The lack of consistency, across the three models, regarding the signs and significance of these control variables, in Table 8 may be due to Eq. (2) being plagued by model misspecification. (i.e., there are likely other determinants of accounting return not controlled for in the models.) In this regard, the results in Table 8 are similar to their counterparts in Table 5.

Conclusion

This paper investigates the financial performance and corporate governance quality of fintech firms using United States data. This study is predicated on the assumption that fintech firms outperform their non-fintech counterparts. Our evidence is consistent with this maintained assumption. Our measure of corporate governance quality is an index based on the Organisation for Economic Cooperation and Development [14] guidelines and is specifically tailored for the United States. Our index includes the following four items: existence of an anti-bribery policy, director independence, separation of the roles of Chief Executive Officer and board chair, and executive director tenure. The index treats two components of the index (board independence and executive director tenure) as having a non-monotonic relation with corporate governance quality.

The evidence is primarily consistent with the expectations. The evidence suggests that our index accurately captures corporate governance quality in the United States holistically. In particular, our results indicate that anti-bribery policies are becoming increasingly popular and play a pivotal role as a corporate governance mechanism. Furthermore, similar to Chen, Kao, Tsao and Wu [17], we document evidence that this positive association is not merely due to the dimensions of corporate governance quality overlapping with priced risk factors [16].

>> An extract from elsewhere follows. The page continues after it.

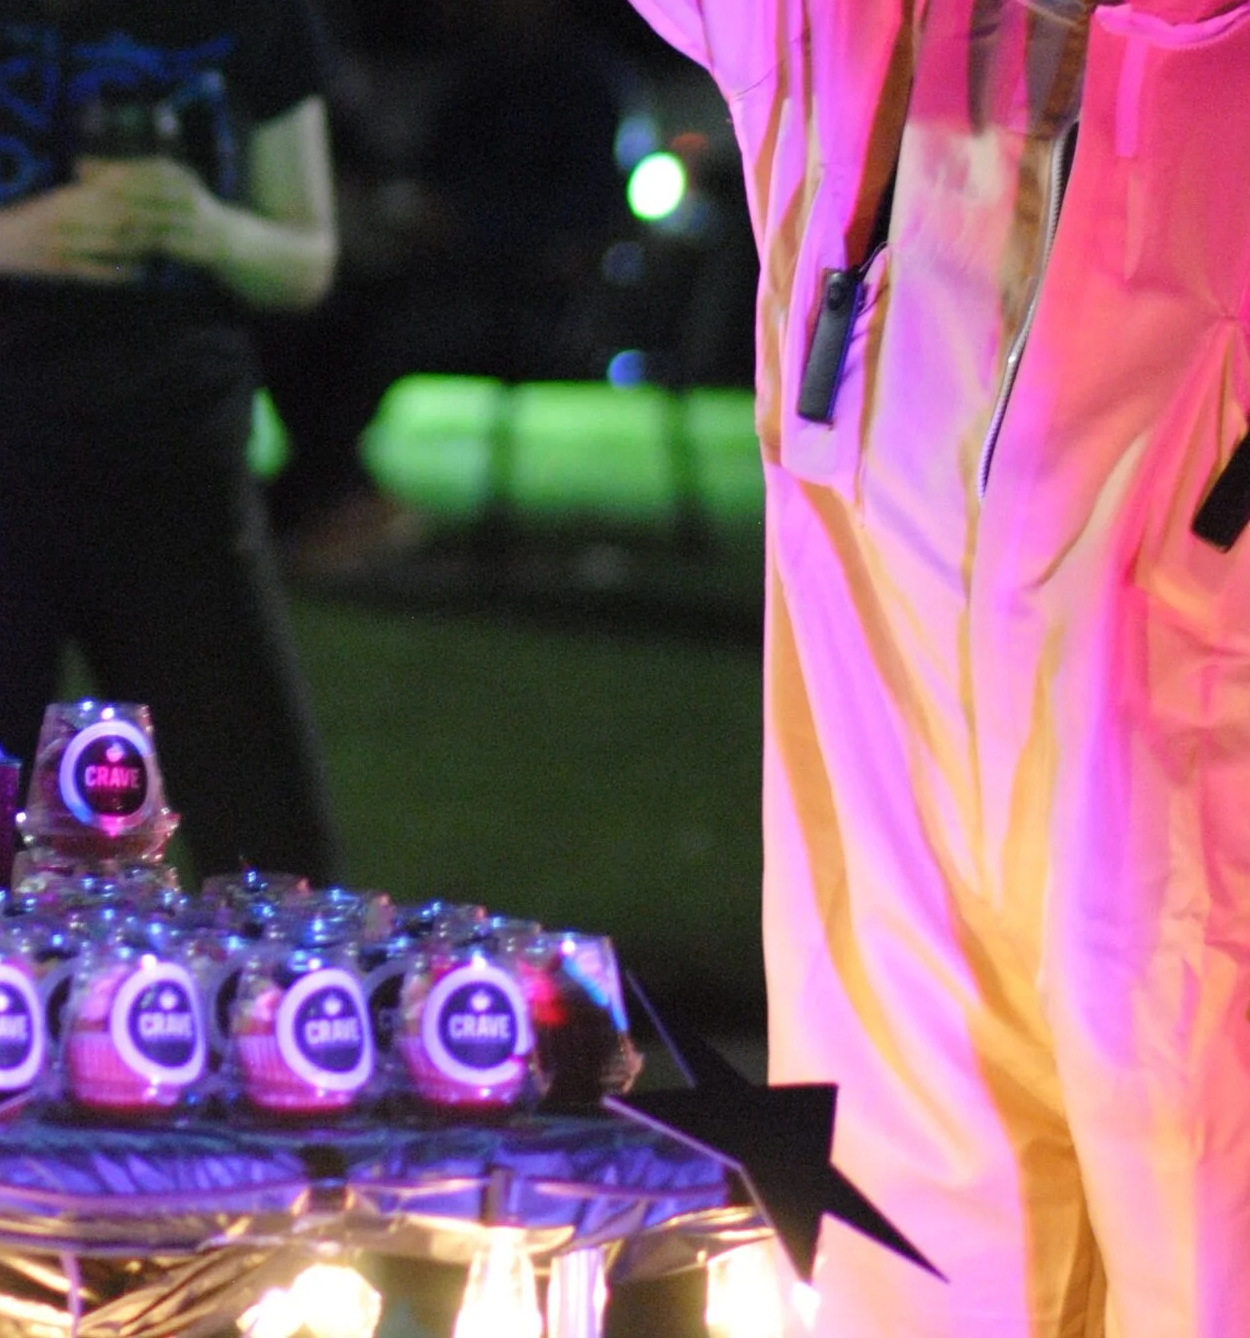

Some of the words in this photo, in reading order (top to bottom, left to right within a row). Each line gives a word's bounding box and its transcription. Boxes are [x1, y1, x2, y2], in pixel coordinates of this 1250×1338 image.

[85, 764, 141, 789] CRAVE
[304, 1015, 361, 1045] CRAVE
[450, 1013, 511, 1041] CRAVE
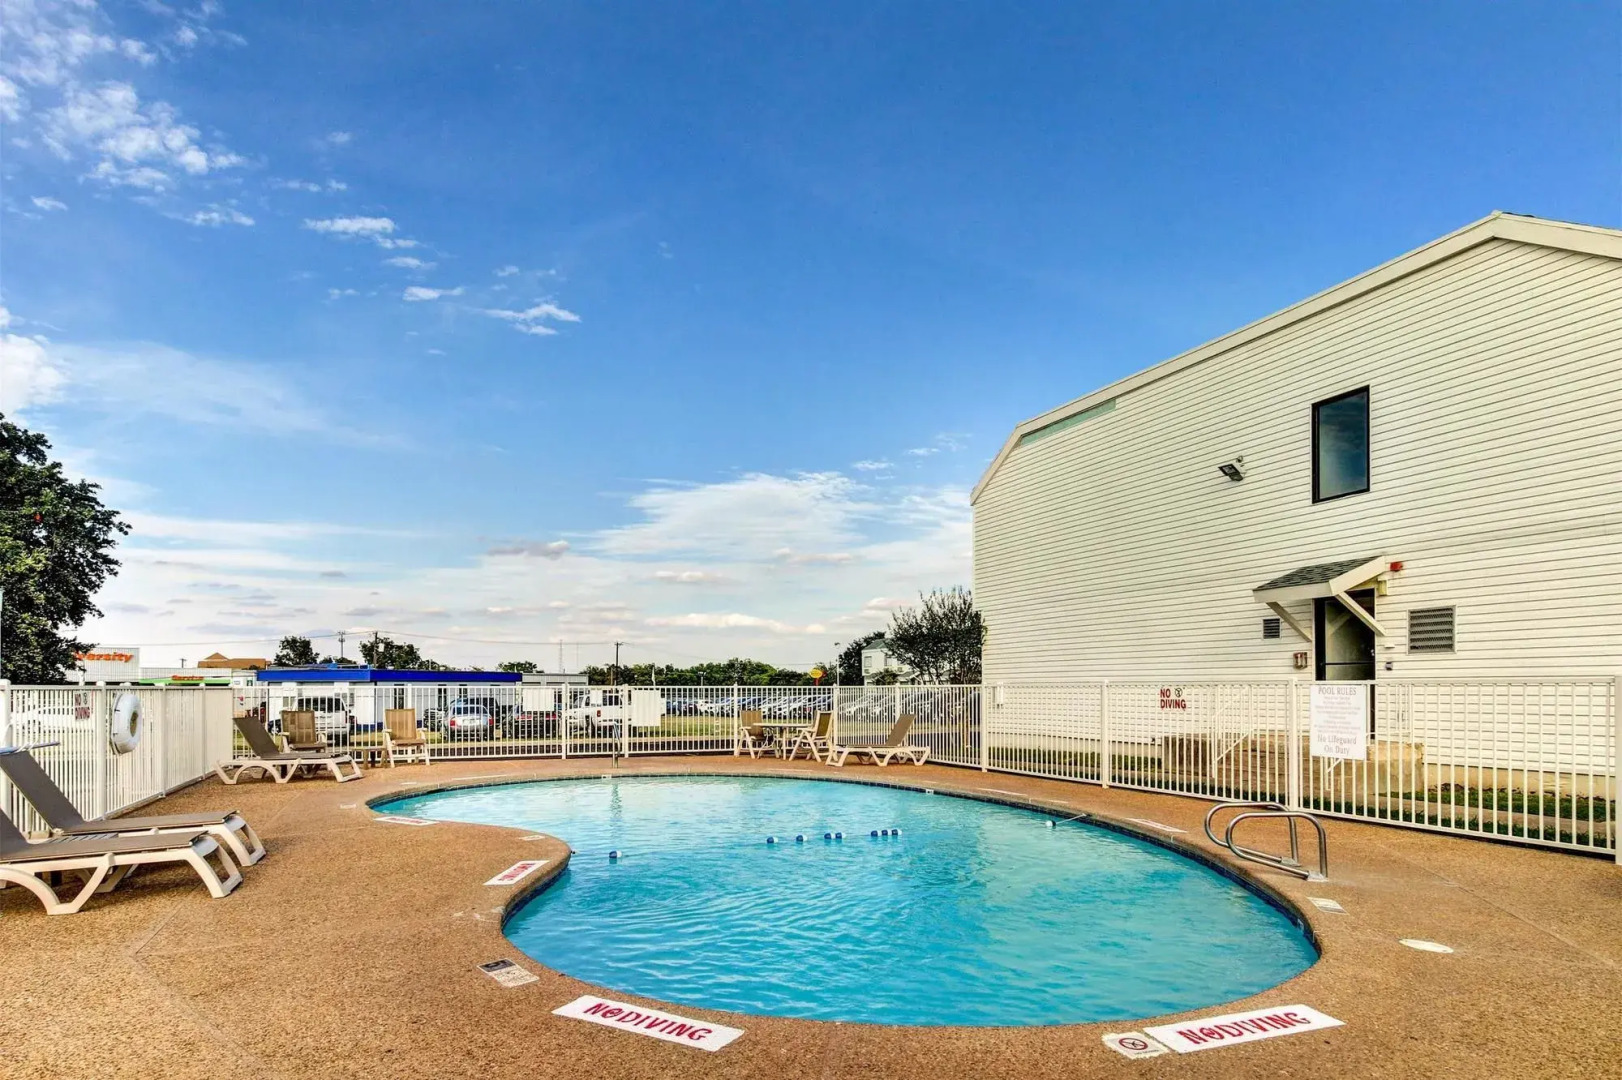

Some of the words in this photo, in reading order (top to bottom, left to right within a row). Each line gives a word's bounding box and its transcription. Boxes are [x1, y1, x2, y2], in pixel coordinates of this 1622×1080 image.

Our findings also indicate that in the United States, fintech firms have superior corporate governance quality compared to non-fintech firms. Considered in conjunction with the evidence that fintech firms display superior performance, this indicates that corporate governance quality reinforces the critical success factors, of players in this industry, in driving their superior performance. A corollary for investors is that when making portfolio decisions about fintech firms, they should consider corporate governance quality and operational critical success factors (such as technological agility and customer-centricity (Chen, [7]). Furthermore, our evidence provides moderate support for the conjecture that compared to non-fintech firms, fintech firms rely more on internal versus external corporate governance mechanisms to reduce agency costs. This finding underscores the importance, for managers of fintech firms, of corporate governance mechanisms implemented by management, such as those captured in our index.

The principal limitation noted in this paper is misspecification in the models with accounting performance metrics as dependent variables. Some of the results illogically suggest that the association between performance and its determinants depend on how performance is measured. Hence, a suggestion for further research endeavour is to identify some of these other determinants of corporate performance and develop suitable proxies for these determinants. Another suggestion is to investigate if a trading rule strategy based on corporate governance quality and fintech company status can yield positive abnormal returns.

The superiority of fintech firms emanates from their agility to take advantage of innovative platforms that amplify electronic economics as a potential research endeavour. Our results support that electronic economics does matter in the case of fintech firms.